Rentrée de son périple polaire, Julia Schmale ne peut pas oublier les quatre mois, deux mois de plus que prévu, qu’elle vient de passer, coincée dans les glaces mouvantes et en constante évolution de l’Arctique. « La première chose que je faisais en me réveillant le matin était de monter sur le pont, regarder si nos instruments étaient en lieu sûr et attraper les jumelles pour évaluer s’il y avait moyen de poser le pied sur la glace », raconte la directrice du Laboratoire en environnements extrêmes, sur le campus de Sion. « Suivaient des discussions avec la logistique et les autres scientifiques à bord, afin de déterminer dans quelle mesure nous pouvions rejoindre nos sites de mesure. Nous avons appris la patience, car si la glace et la météo vous disent de ne pas y aller, vous n’y allez pas et vous attendez le jour suivant. Ou celui d’après s’il le fallait. »

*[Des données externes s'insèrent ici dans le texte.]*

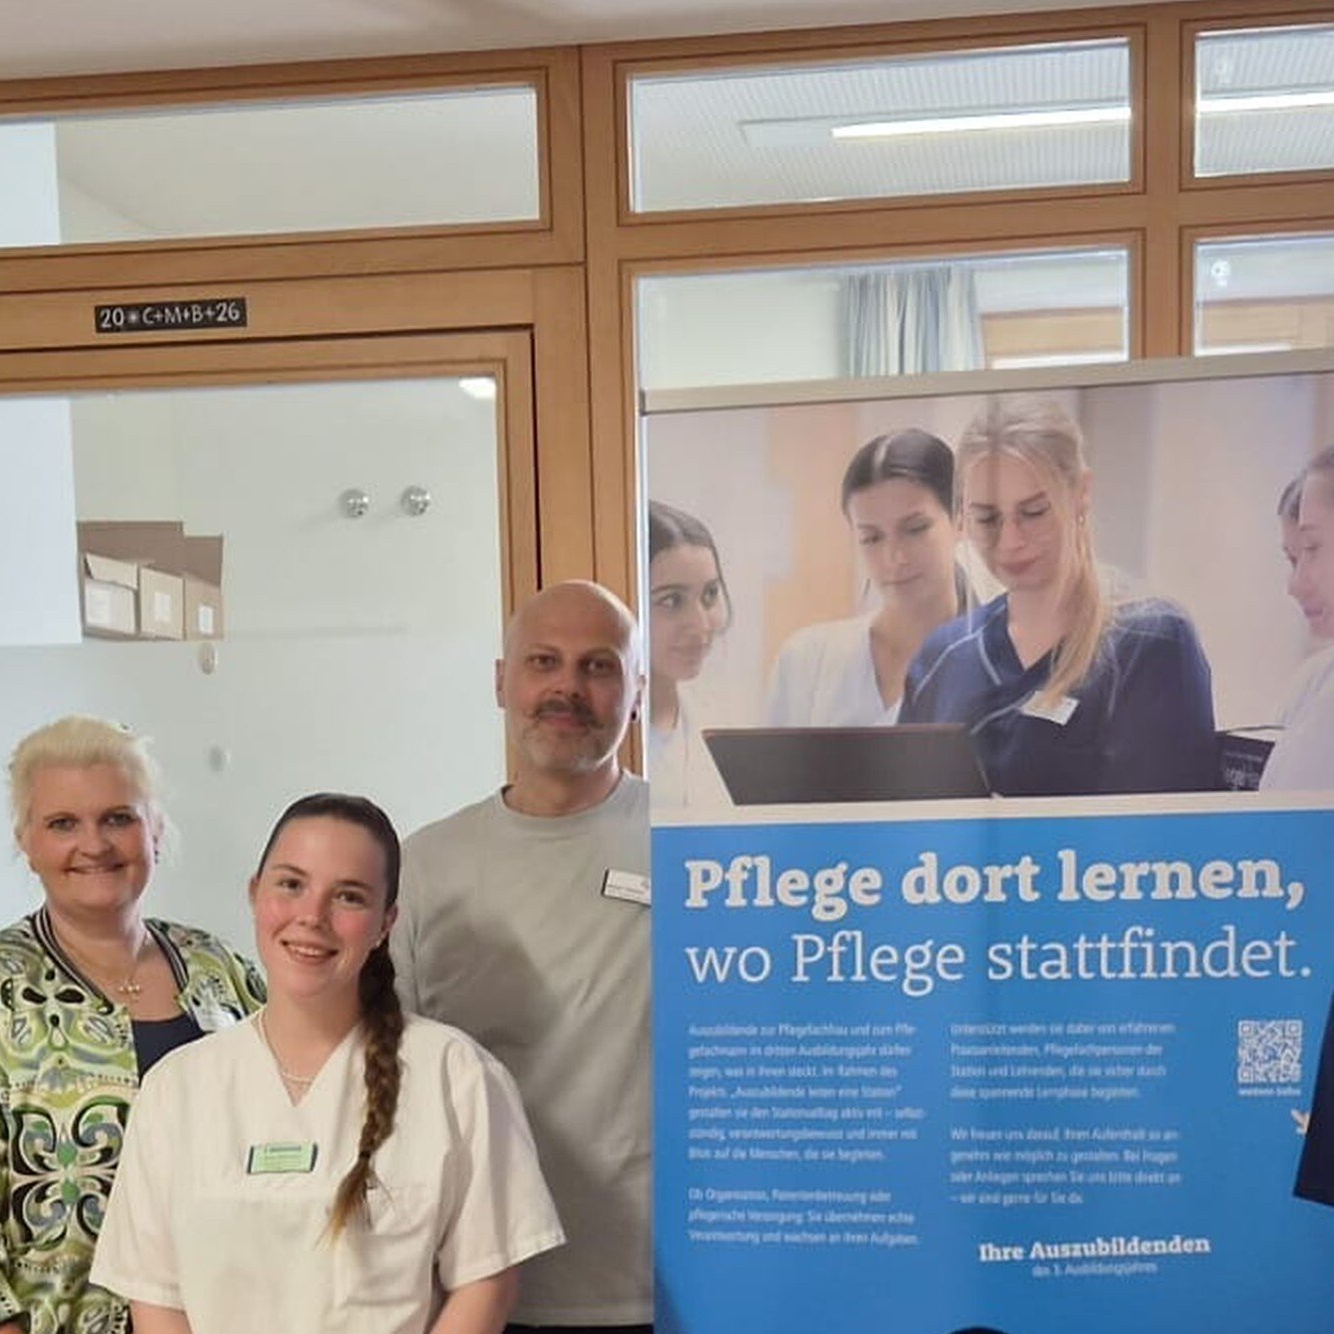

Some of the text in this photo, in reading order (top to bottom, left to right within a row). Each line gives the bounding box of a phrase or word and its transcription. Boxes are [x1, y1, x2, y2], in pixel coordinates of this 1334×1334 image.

[684, 849, 1305, 922] Pflege dort lernen,
[685, 925, 1312, 997] wo Pflege stattfindet.
[979, 1235, 1211, 1262] Ihre Auszubildenden

Travailler dans la tempête de poudreuse © Julia Schmale
Sur le Polarstern, un brise-glace de recherche allemand, 60 scientifiques venus du monde entier travaillent ensemble. « J’avais la charge de l’équipe d’analyse atmosphérique. Il y avait aussi l’équipe océan, l’équipe glace, celle de l’écologie, une autre en biogéochimie, l’équipe responsable des données et l’équipe logistique.» Tout absorbés par leurs recherches et l’adaptation journalière aux aléas météorologiques, les chercheurs embarqués sur le Polarstern sont à mille lieues, au sens propre comme au figuré, des préoccupations anxiogènes qui monopoliseront bientôt la planète.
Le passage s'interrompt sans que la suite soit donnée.